_YOUR INSTRUCTIONS:_
The lines to be set down run from the line containing "Some of the text" through the final line of the data below; print them exactly and print nothing else.

[Dataset entries]
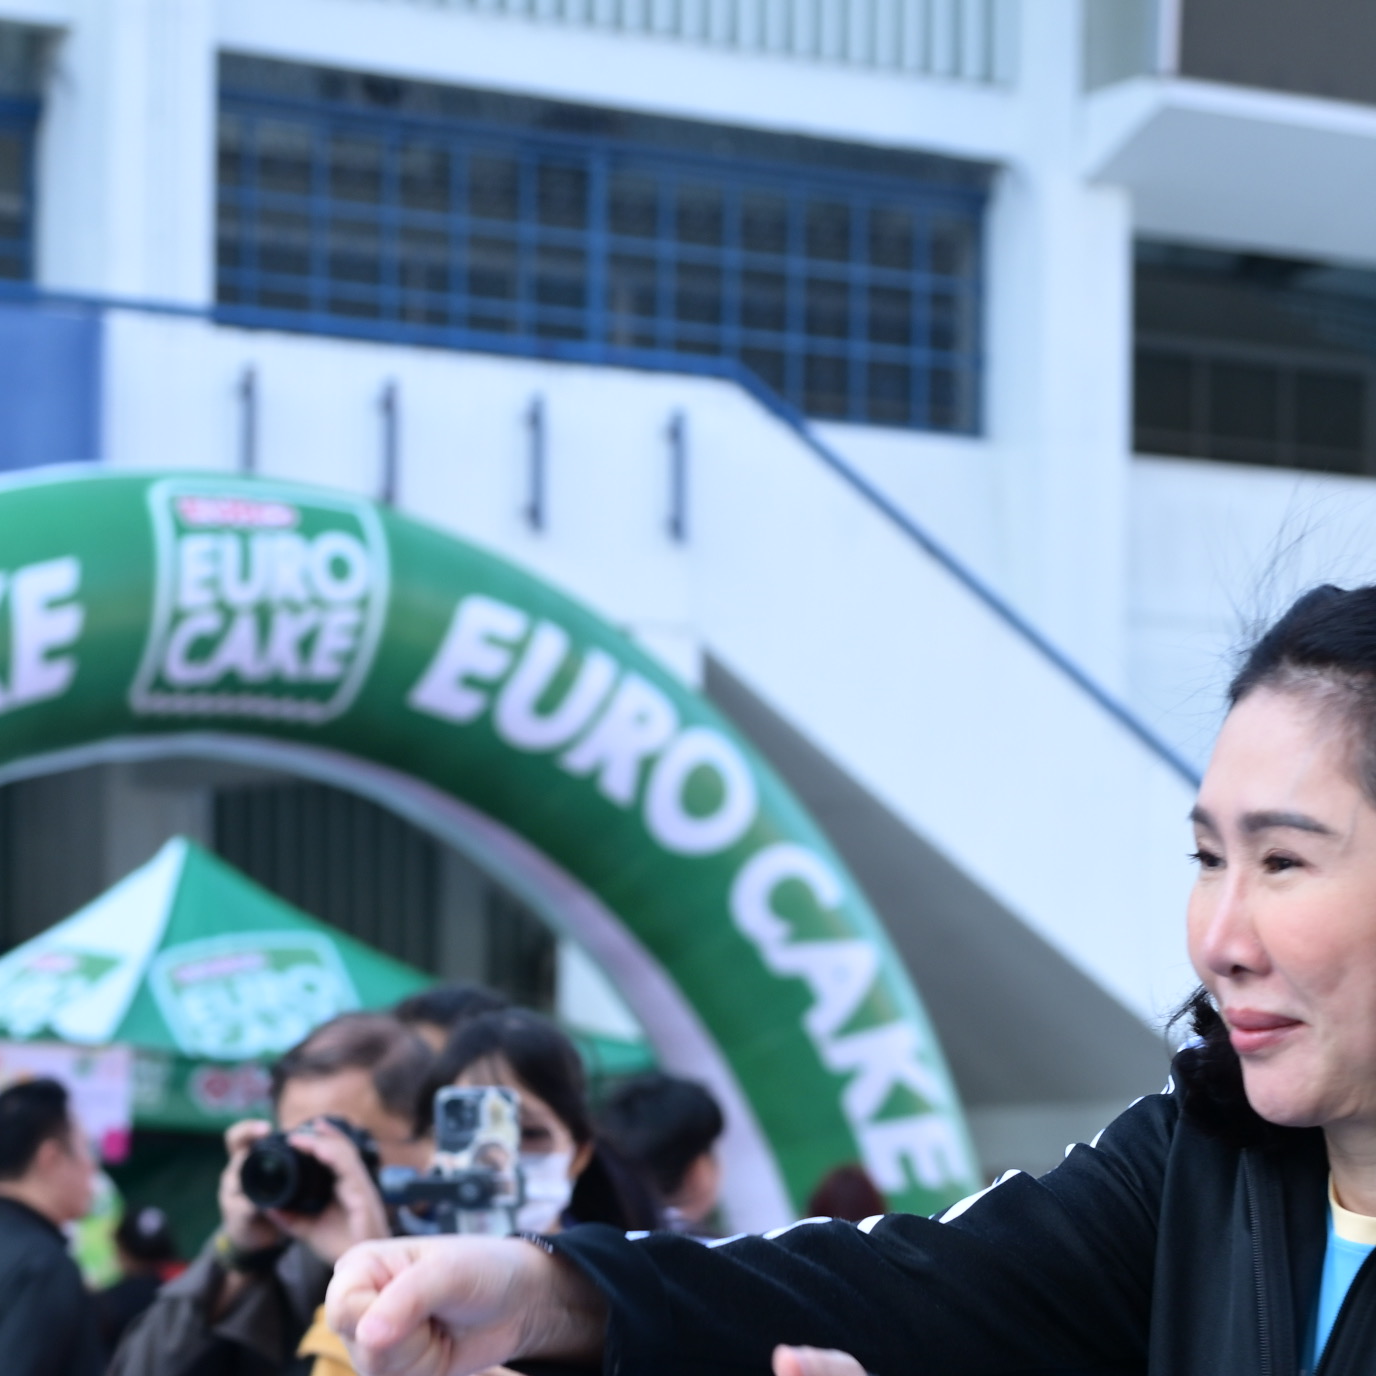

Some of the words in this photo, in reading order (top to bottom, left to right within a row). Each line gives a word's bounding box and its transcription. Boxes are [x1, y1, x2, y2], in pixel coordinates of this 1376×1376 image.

[177, 531, 368, 608] EURO
[165, 606, 362, 685] CAKE
[408, 592, 758, 855] EURO
[728, 843, 971, 1194] CAKE
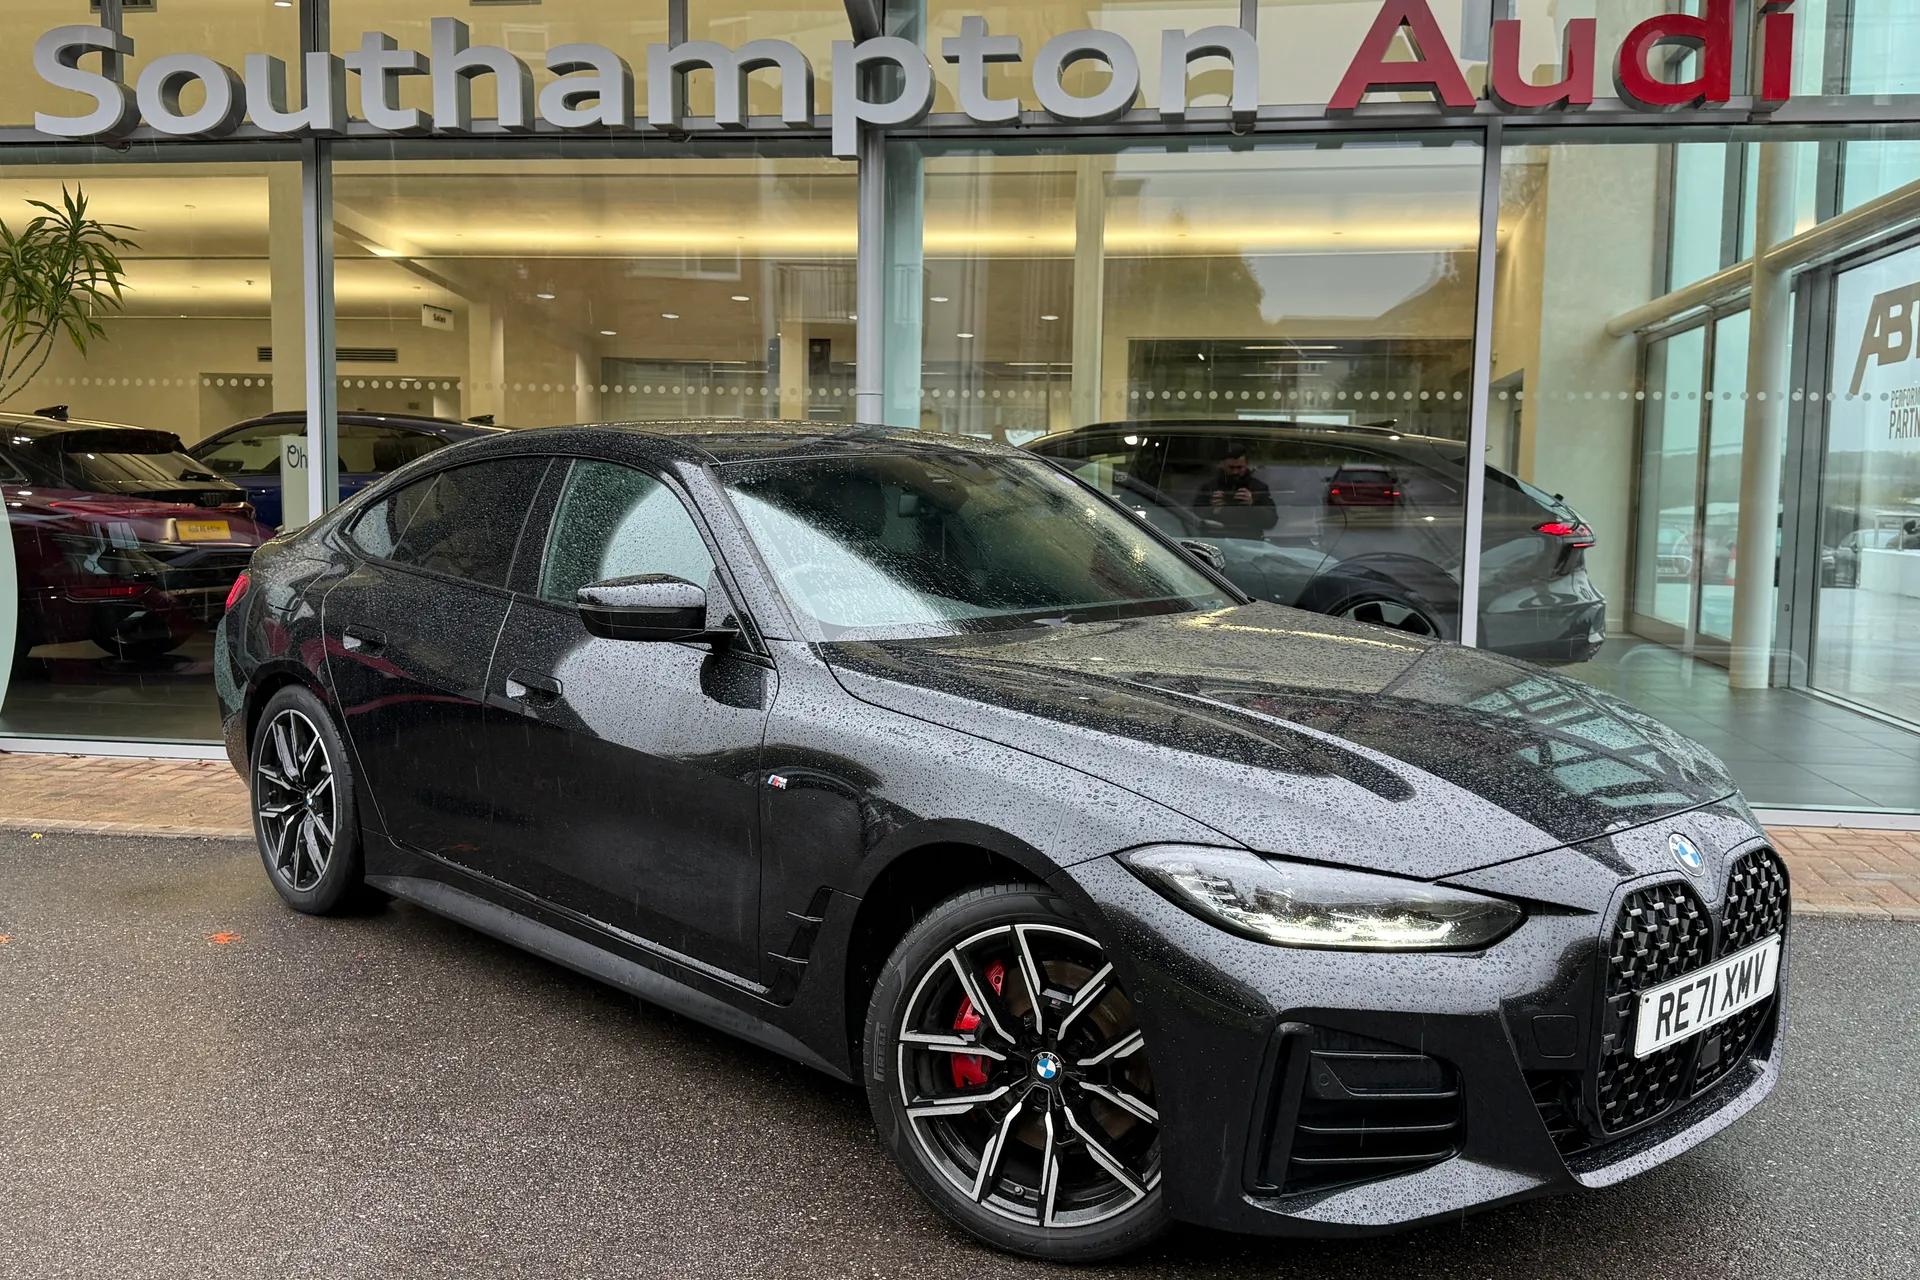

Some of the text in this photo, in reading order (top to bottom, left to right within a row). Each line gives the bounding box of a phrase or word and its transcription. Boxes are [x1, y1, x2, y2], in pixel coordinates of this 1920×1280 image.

[33, 0, 1795, 158] Southampton Audi
[1849, 281, 1920, 396] AB
[1655, 949, 1767, 1041] RE71 XMV

_SOLVED EXERCISE:_
Some of the text in this photo, in reading order (top to bottom, left to right within a row). Each line gives the bounding box of a phrase or word and its transcription. Boxes are [x1, y1, x2, y2], in pixel coordinates of this 1920×1280 image.

[33, 0, 1795, 158] Southampton Audi
[1849, 281, 1920, 396] AB
[1655, 949, 1767, 1041] RE71 XMV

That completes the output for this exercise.